### [YOUR INSTRUCTIONS]
Could you repeat the records below exactly, leaving the pictures out?

### [RECORDS SHOWN]
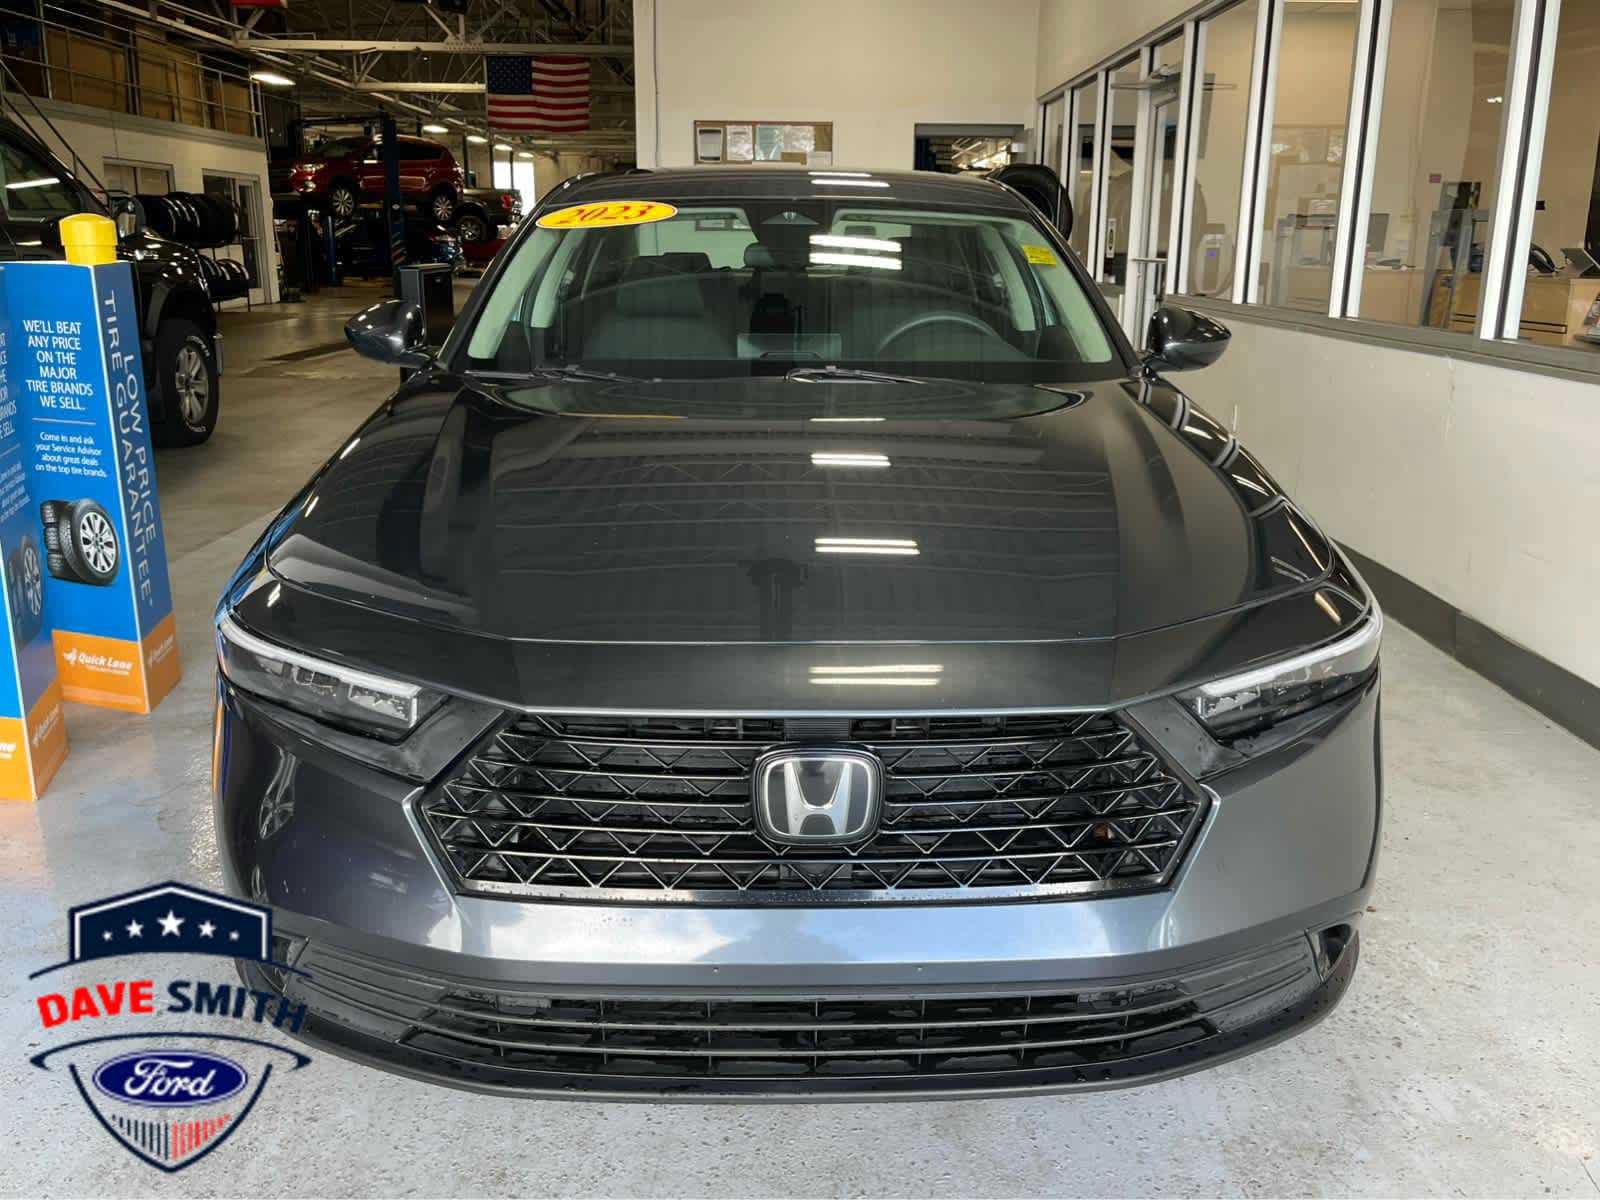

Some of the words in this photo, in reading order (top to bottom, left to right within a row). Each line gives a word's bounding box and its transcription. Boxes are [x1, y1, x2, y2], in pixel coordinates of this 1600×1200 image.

[554, 205, 656, 224] 2023
[23, 319, 54, 334] WE'LL
[56, 321, 81, 335] BEAT
[104, 289, 123, 372] TIRE
[28, 336, 49, 349] ANY
[52, 337, 81, 351] PRICE
[36, 351, 53, 364] ON
[55, 352, 77, 366] THE
[39, 366, 77, 380] MAJOR
[25, 379, 49, 393] TIRE
[50, 381, 94, 396] BRANDS
[40, 395, 58, 408] WE
[40, 431, 60, 441] Come
[51, 443, 76, 454] Service
[123, 354, 143, 433] LOW
[135, 446, 157, 544] PRICE
[79, 651, 107, 667] Quick
[107, 656, 134, 671] Lane
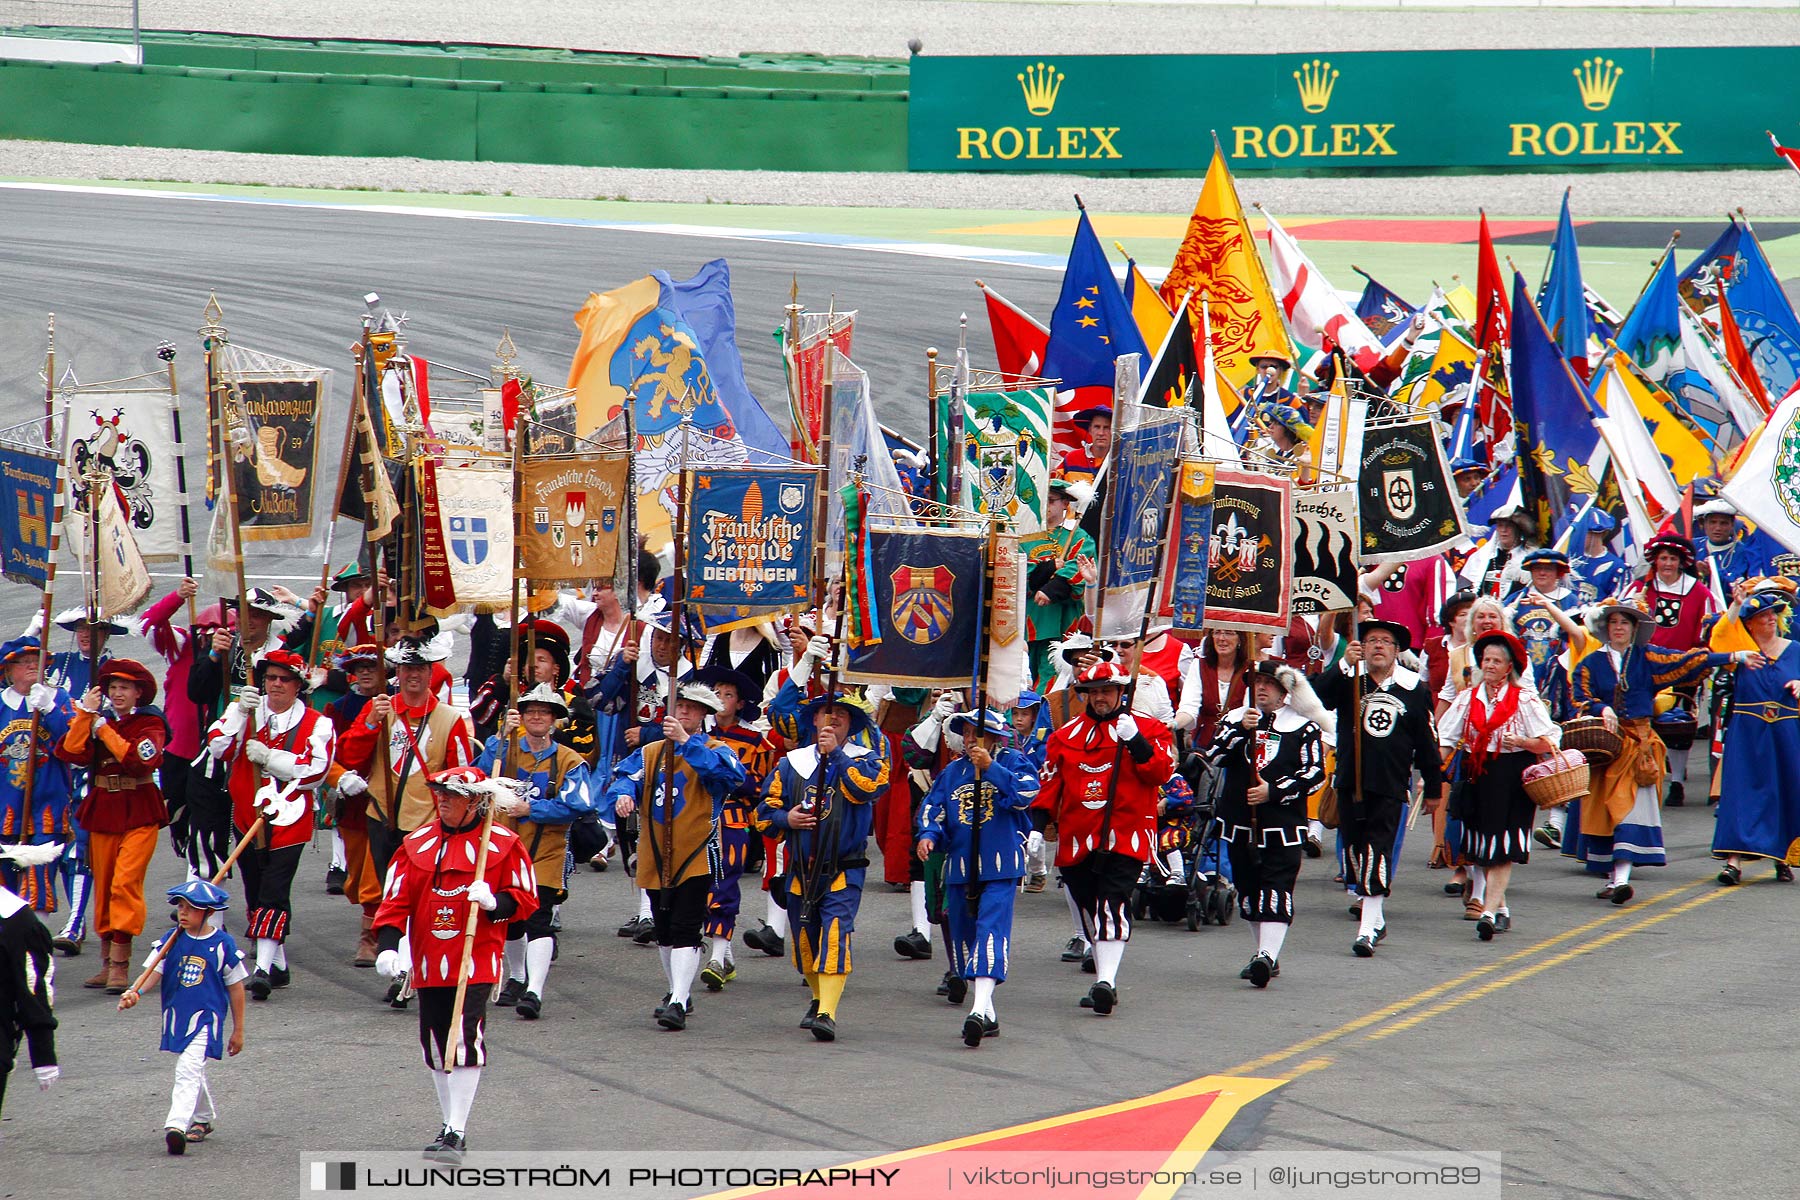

### [RESPONSE]
Some of the words in this photo, in reading order (top to bottom, left to right within a row). Each line gives a word's bounding box and its transcription. Boxes are [x1, y1, x2, y2], in pixel coordinates of this 1600×1200 image.

[554, 205, 656, 224] 2023
[23, 319, 54, 334] WE'LL
[56, 321, 81, 335] BEAT
[104, 289, 123, 372] TIRE
[28, 336, 49, 349] ANY
[52, 337, 81, 351] PRICE
[36, 351, 53, 364] ON
[55, 352, 77, 366] THE
[39, 366, 77, 380] MAJOR
[25, 379, 49, 393] TIRE
[50, 381, 94, 396] BRANDS
[40, 395, 58, 408] WE
[40, 431, 60, 441] Come
[51, 443, 76, 454] Service
[123, 354, 143, 433] LOW
[135, 446, 157, 544] PRICE
[79, 651, 107, 667] Quick
[107, 656, 134, 671] Lane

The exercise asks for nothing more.